Primo tempo. Napoli distratto e senza idee nel primo tempo. Davanti al pubblico del San Paolo troppi gli errori degli uomini di Mazzarri. La Fiorentina, invece, prova a dettare il ritmo di gioco, rendendosi pericolosa in più occasioni. Lavezzi, Sosa e Cavani non spaventano i viola. Mazzarri, giustamente, urla e si dispera dalla panchina: il suo Napoli, a tratti,è davvero irriconoscibile. Senza forma. Il primo tentativo azzurro (3') porta la firma di Cavani: lanciato da Sosa, il giocatore azzurro spara la palla ben oltre la traversa. Al 23' Grava finisce a terra dopo un contrasto: per lui infortunio al ginocchio e partita finita. È il turno di Aronica. Al 30' i viola sfiorano il gol con Santana che non aggancia la sfera del vantaggio e si dispera. Bucata al difesa azzurra. Il Napoli, come detto, è in campo senza idee. E i viola ne approfittano sfruttando i numerosi errori a centrocampo. A dieci minuti dalla fine del primo tempo Cannavaro spreca incredibilmente la rete del vantggio. Cross di Lavezzi dalla destra, palla allungata di testa che finisce proprio davanti al capitano azzurro che non trova il tempo per spedire la sfera in rete. Tre minuti dopo occasione mancata per la Fiorentina: Ljajic manda in cielo il gol dello 0-1. Nei minuti finali Gargano prova il tiro-sorpresa dalla lunga distanza: Boruc para in tuffo. Finisce il primo tempo.
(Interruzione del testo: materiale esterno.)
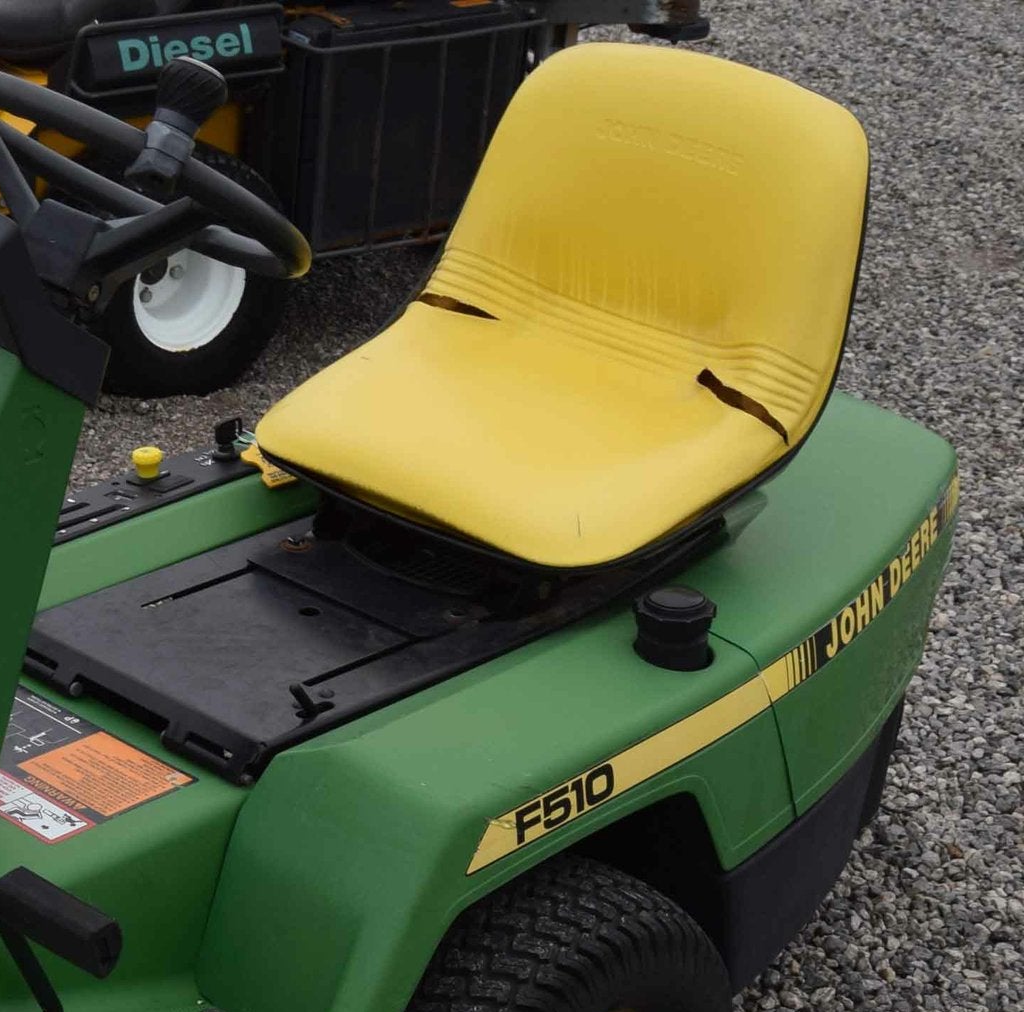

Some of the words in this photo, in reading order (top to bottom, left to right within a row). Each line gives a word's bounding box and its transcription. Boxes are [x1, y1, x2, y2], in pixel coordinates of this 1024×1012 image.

[117, 23, 253, 71] Diesel
[826, 575, 885, 659] JOHN
[889, 505, 939, 598] DEERE
[515, 763, 615, 846] F510
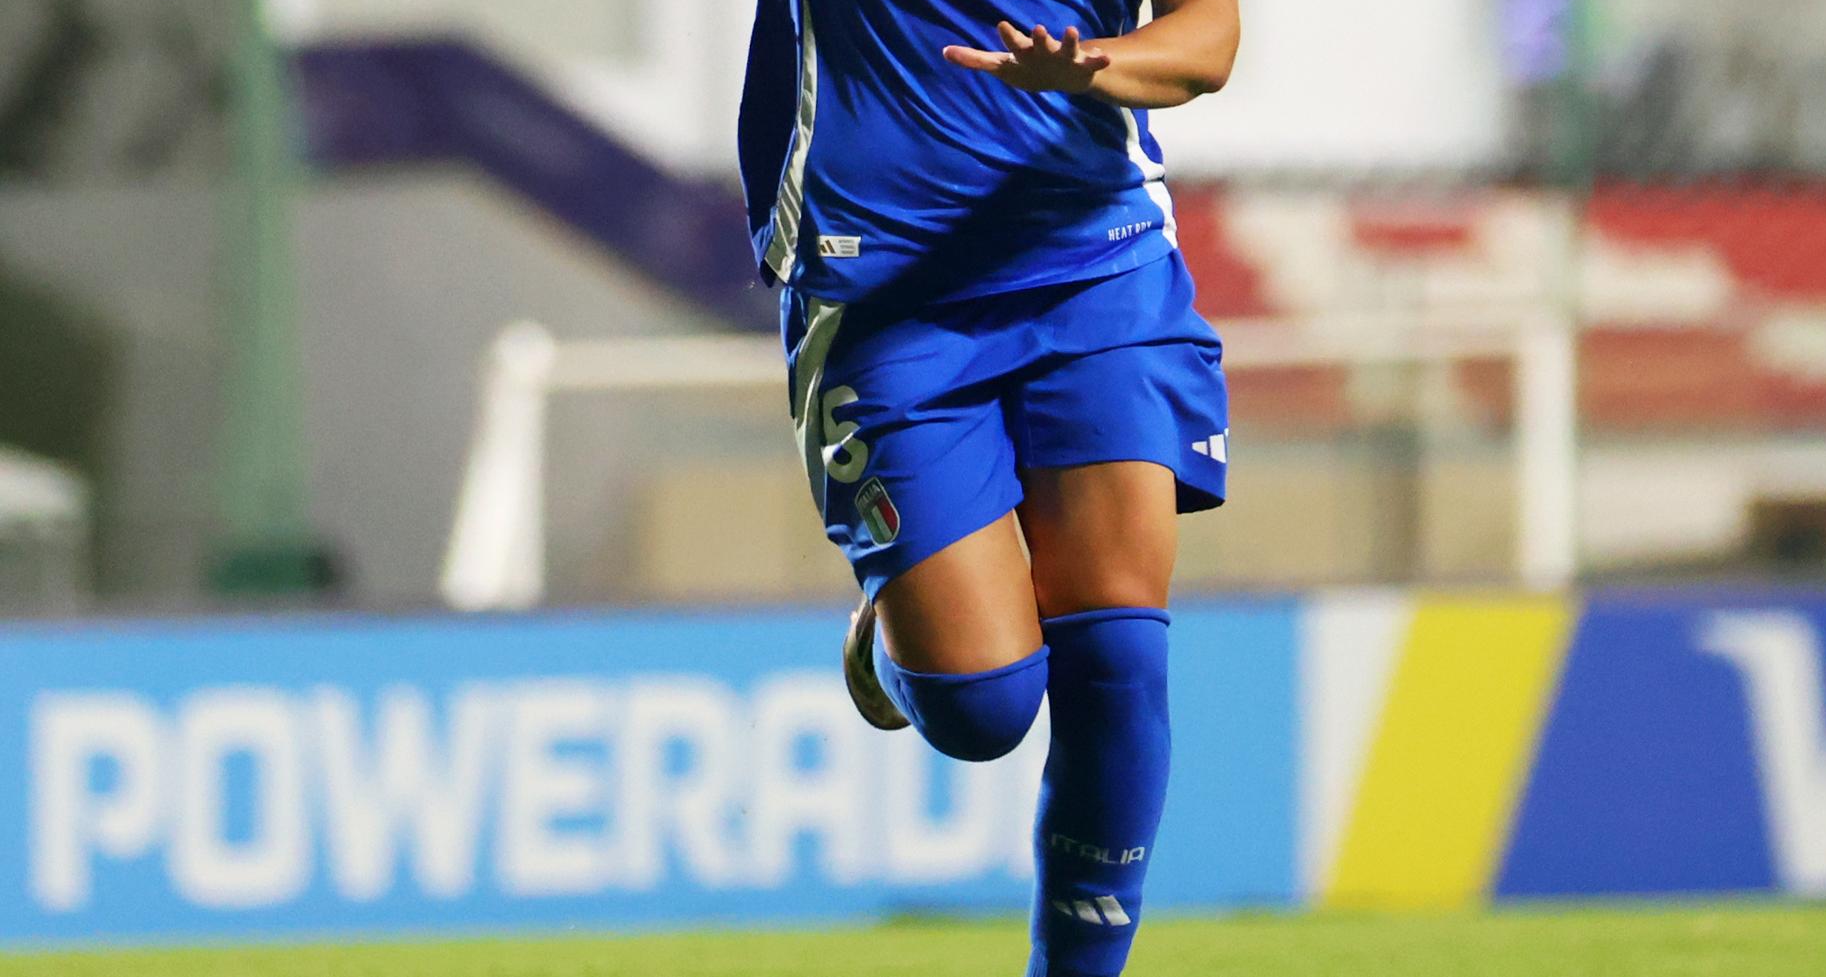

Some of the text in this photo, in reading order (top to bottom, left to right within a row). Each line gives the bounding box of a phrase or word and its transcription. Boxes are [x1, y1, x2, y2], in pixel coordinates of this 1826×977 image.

[1108, 224, 1133, 241] HEAT
[821, 385, 869, 484] 6
[30, 672, 1046, 910] POWERAD
[1052, 833, 1146, 865] ITALIA
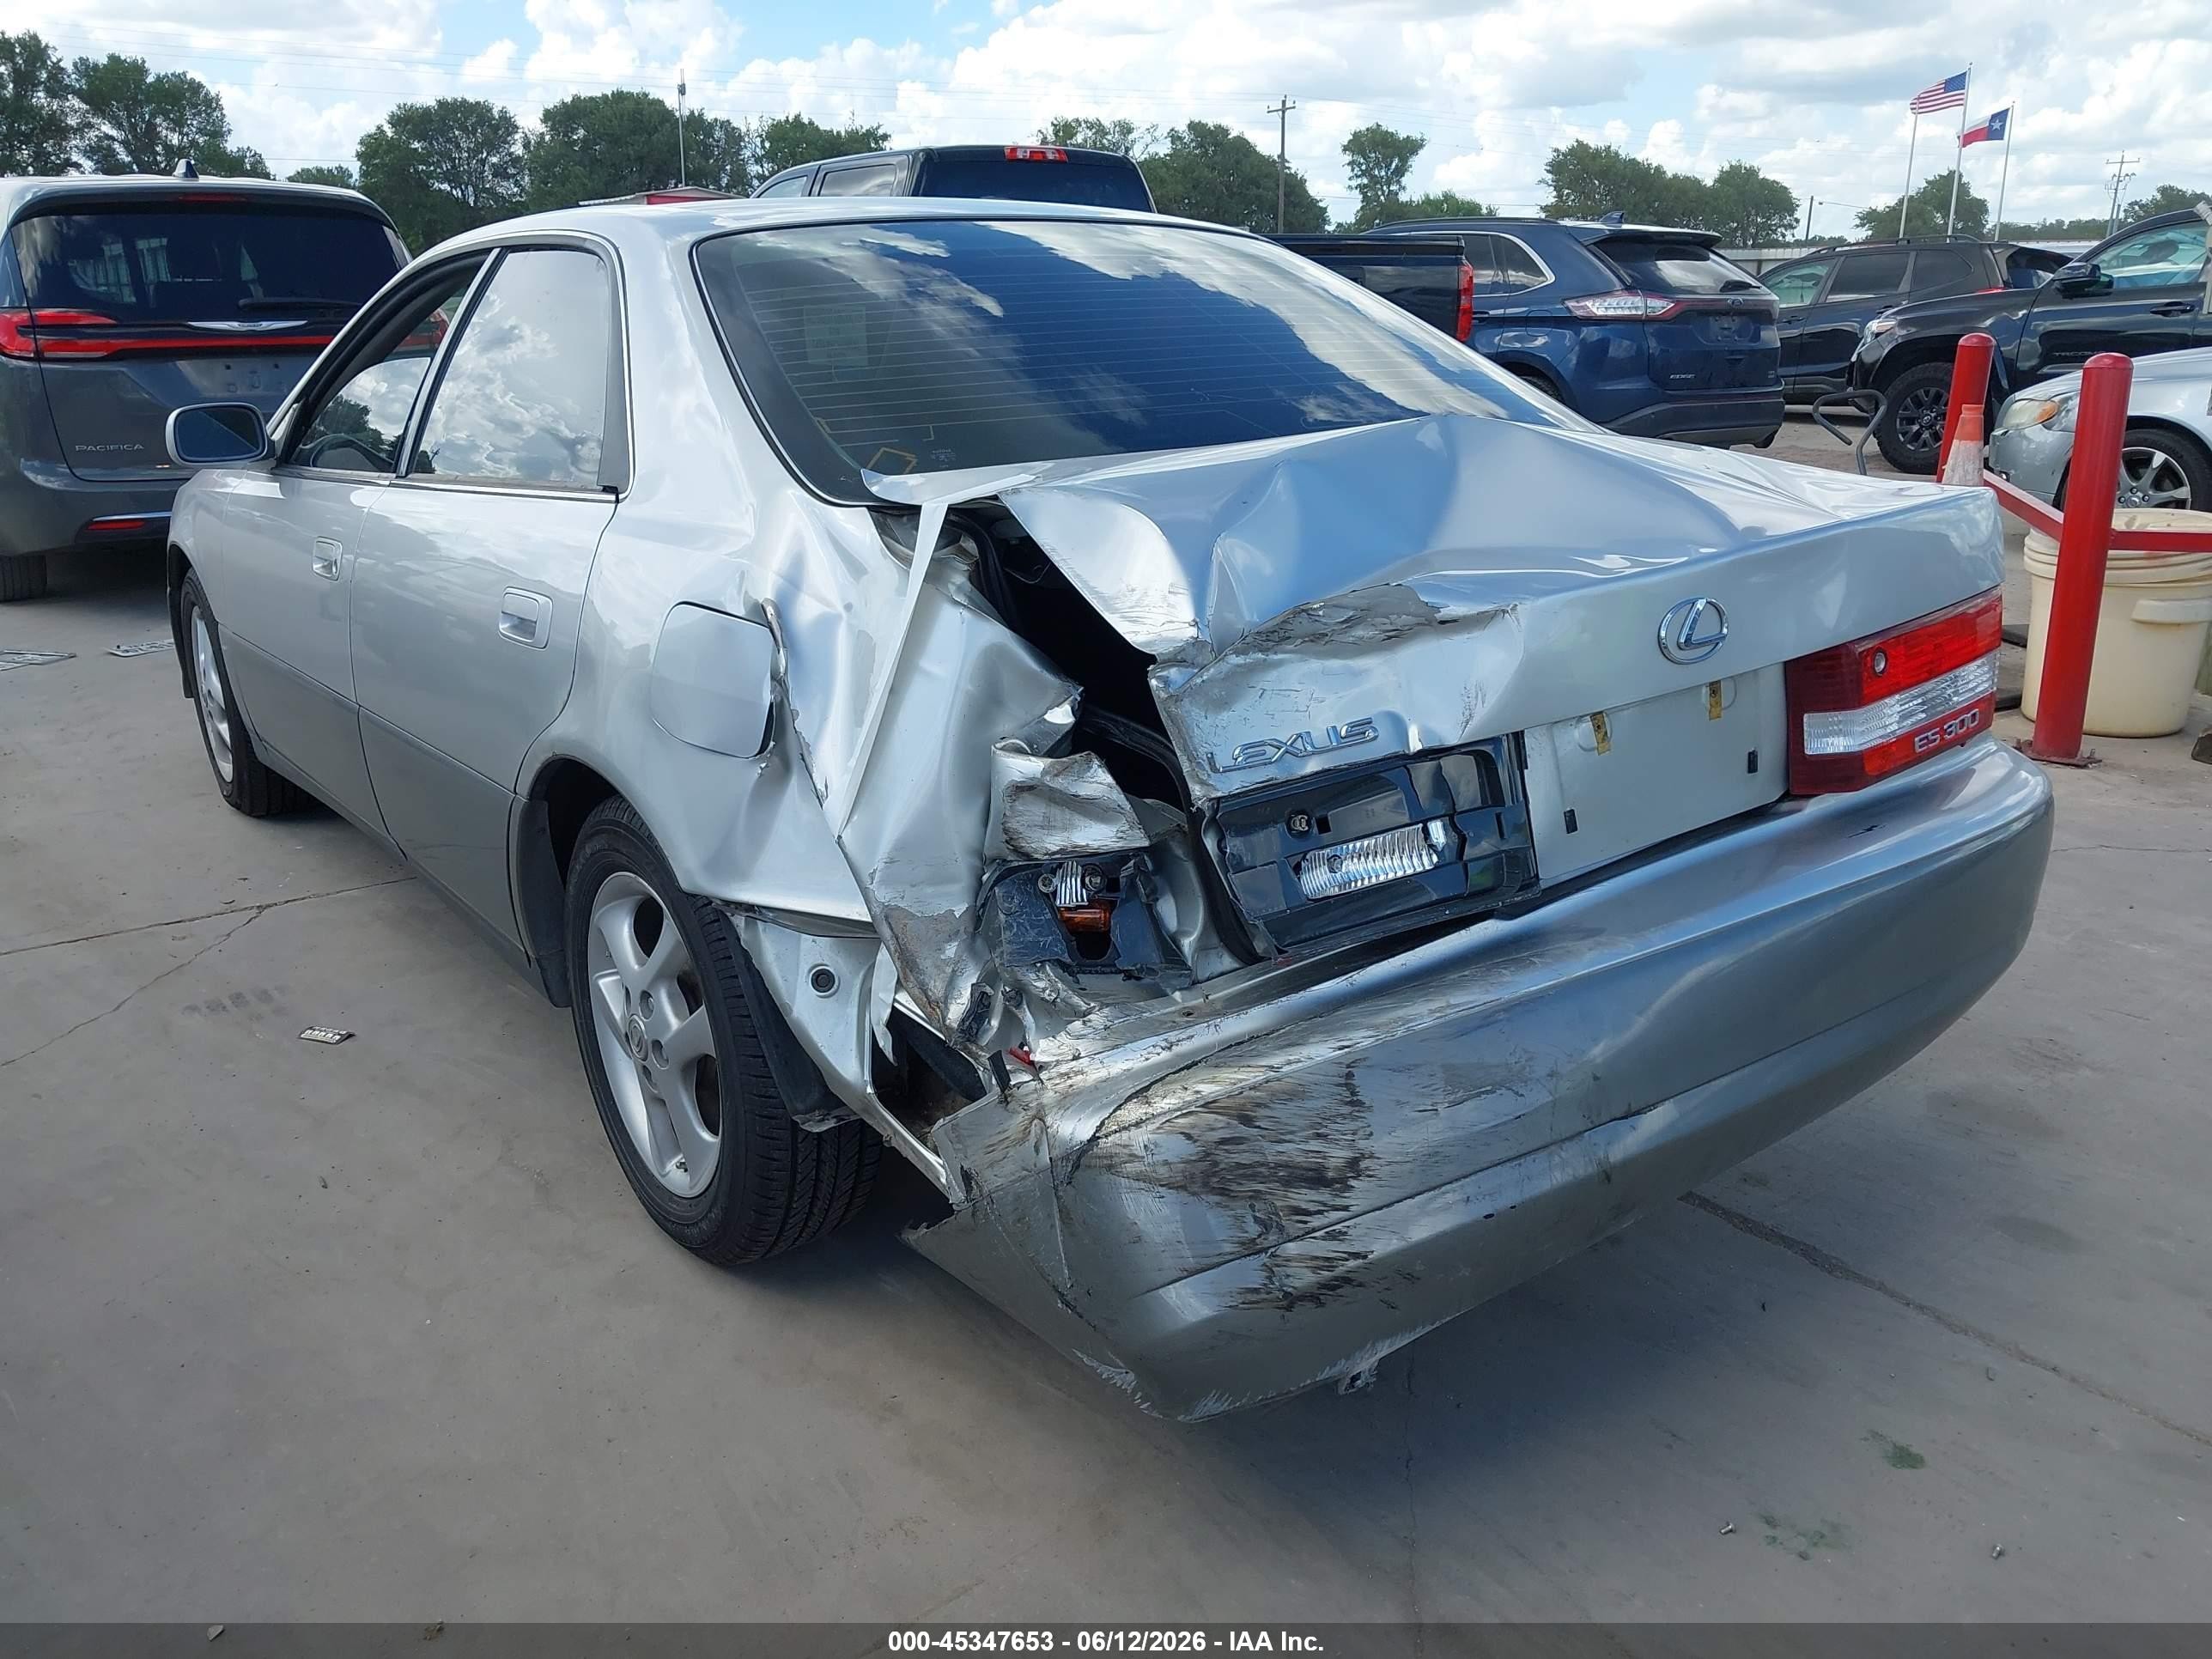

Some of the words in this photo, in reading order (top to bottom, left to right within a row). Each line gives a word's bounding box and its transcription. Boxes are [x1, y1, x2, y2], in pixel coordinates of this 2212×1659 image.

Secondo tempo. Mazzarri urla, si arrabbia e dagli spogliatoi esce un nuovo Napoli che affronta i viola con grinta e determinazione. La voglia di vincere è tanta. Al 9' della ripresa il tecnico azzurro cambia e gioca la carta Yebda: fuori Sosa (fischiato dal San Paolo). L'ingresso dell'algerino garantisce un po' di stabilità a centrocampo. Ma al la Fiorentina sfiora il gol. Donadel (21') ci prova da fuori area: De Sanctis è sulla traiettoria ma la palla finisce di poco fuori. Il match si gioca su ritmi molto alti, ma le azioni degne di nota sono pochissime. Il Napoli, quando può, schiaccia gli avversari nella loro metà campo. Ma manca il guizzo ai partenopei. Il cronometro segna 42' quando Gargano perde nuovamente palla a centrocampo. I viola ne approfittano e partono in contropiede: Cannavaro, provvidenziale, blocca tutto in scivolata. Si entra così nella «zona Mazzarri». Nel primo dei tre minuti di recupero Dumitru (entrato al posto di Pazienza) spreca la palla del vantaggio. Pochi istanti dopo ci prova Aronica con un tiro potente e velenoso dalla distanza bloccato da Boruc senza grandi difficoltà. È questa l'ultima azione del match.